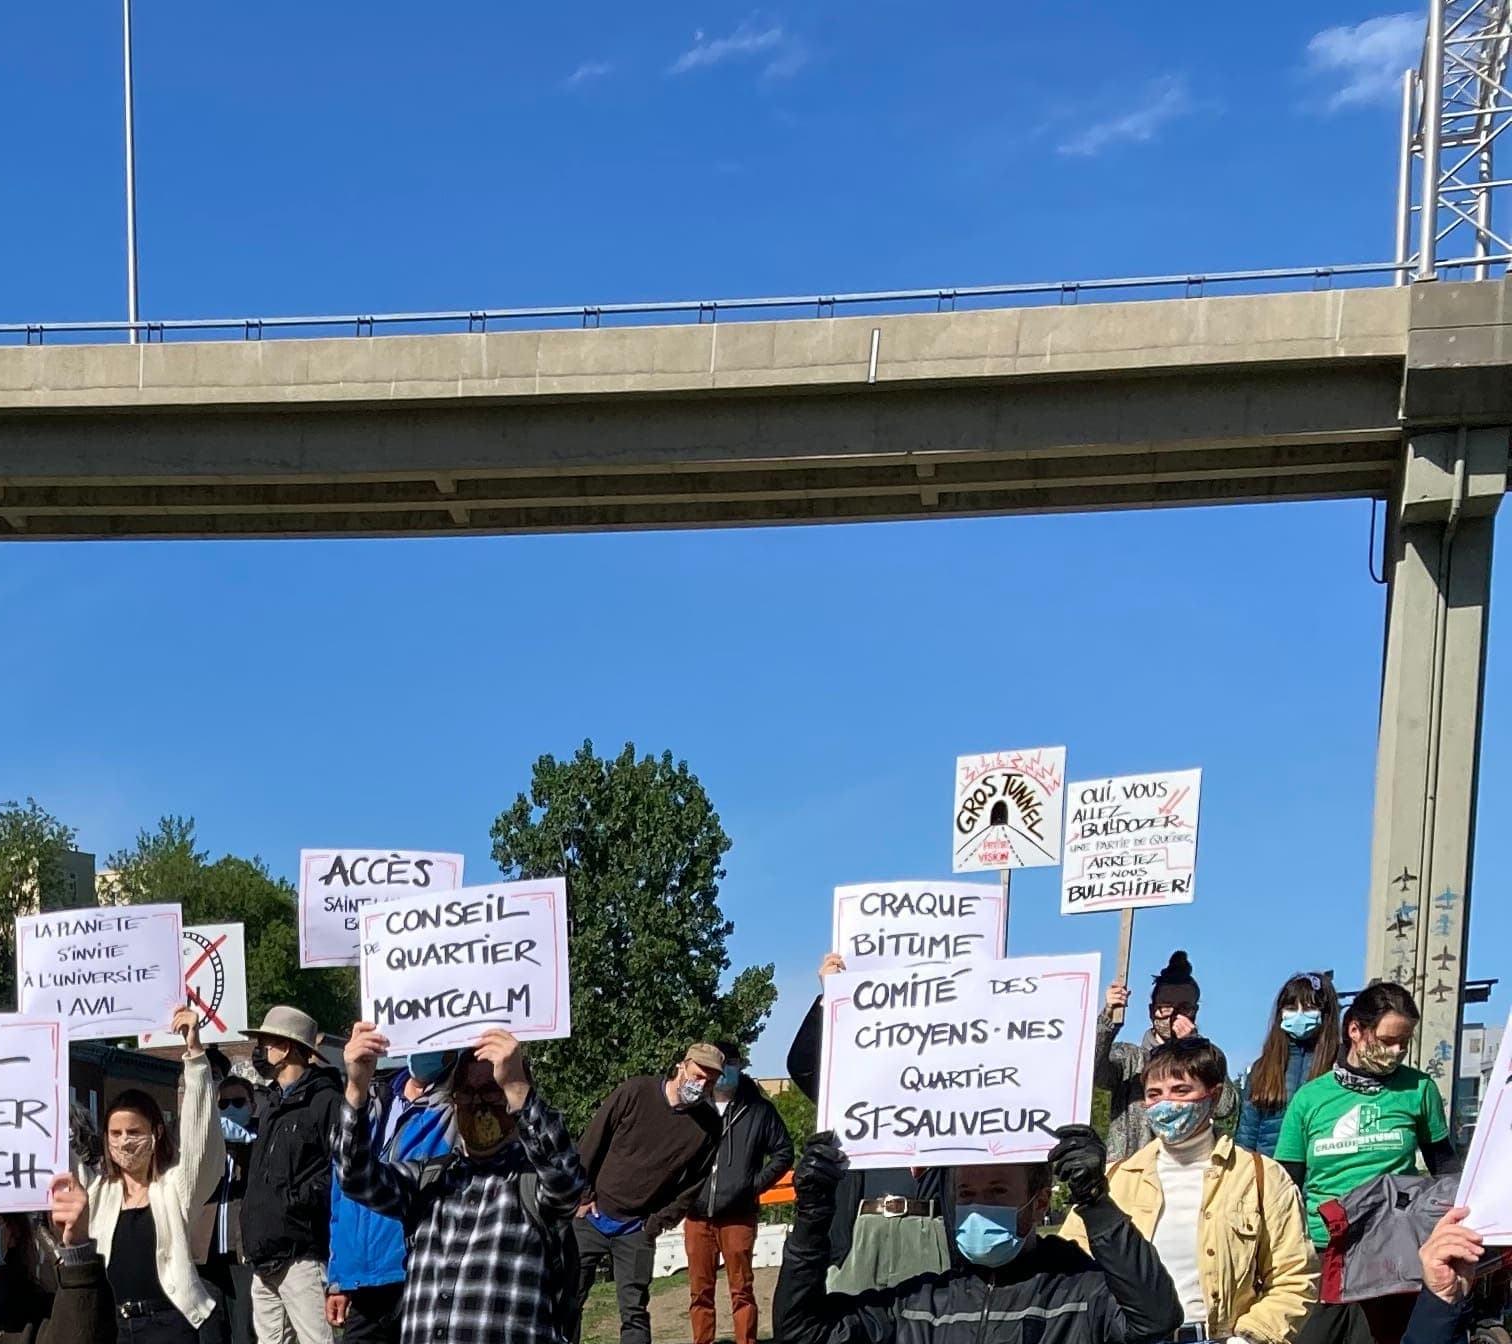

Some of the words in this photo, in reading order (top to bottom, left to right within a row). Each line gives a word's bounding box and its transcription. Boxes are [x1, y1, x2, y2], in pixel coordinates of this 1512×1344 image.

[1122, 781, 1168, 799] VOUS
[956, 775, 998, 834] GROS
[1001, 773, 1044, 841] TUNNEL
[319, 853, 433, 888] ACCÈS
[1111, 867, 1148, 878] NOUS
[860, 892, 981, 918] CRAQUE
[35, 922, 51, 939] LA
[364, 942, 380, 957] DE
[989, 976, 1038, 995] DES
[373, 984, 531, 1026] MONTCALM

____

→ Exercise details: Copy the listing exactly but drop its images.

→ Output below:
Some of the words in this photo, in reading order (top to bottom, left to right within a row). Each line gives a word's bounding box and its transcription. Boxes are [x1, y1, x2, y2], in pixel coordinates of this 1512×1344 image.

[1122, 781, 1168, 799] VOUS
[956, 775, 998, 834] GROS
[1001, 773, 1044, 841] TUNNEL
[319, 853, 433, 888] ACCÈS
[1111, 867, 1148, 878] NOUS
[860, 892, 981, 918] CRAQUE
[35, 922, 51, 939] LA
[364, 942, 380, 957] DE
[989, 976, 1038, 995] DES
[373, 984, 531, 1026] MONTCALM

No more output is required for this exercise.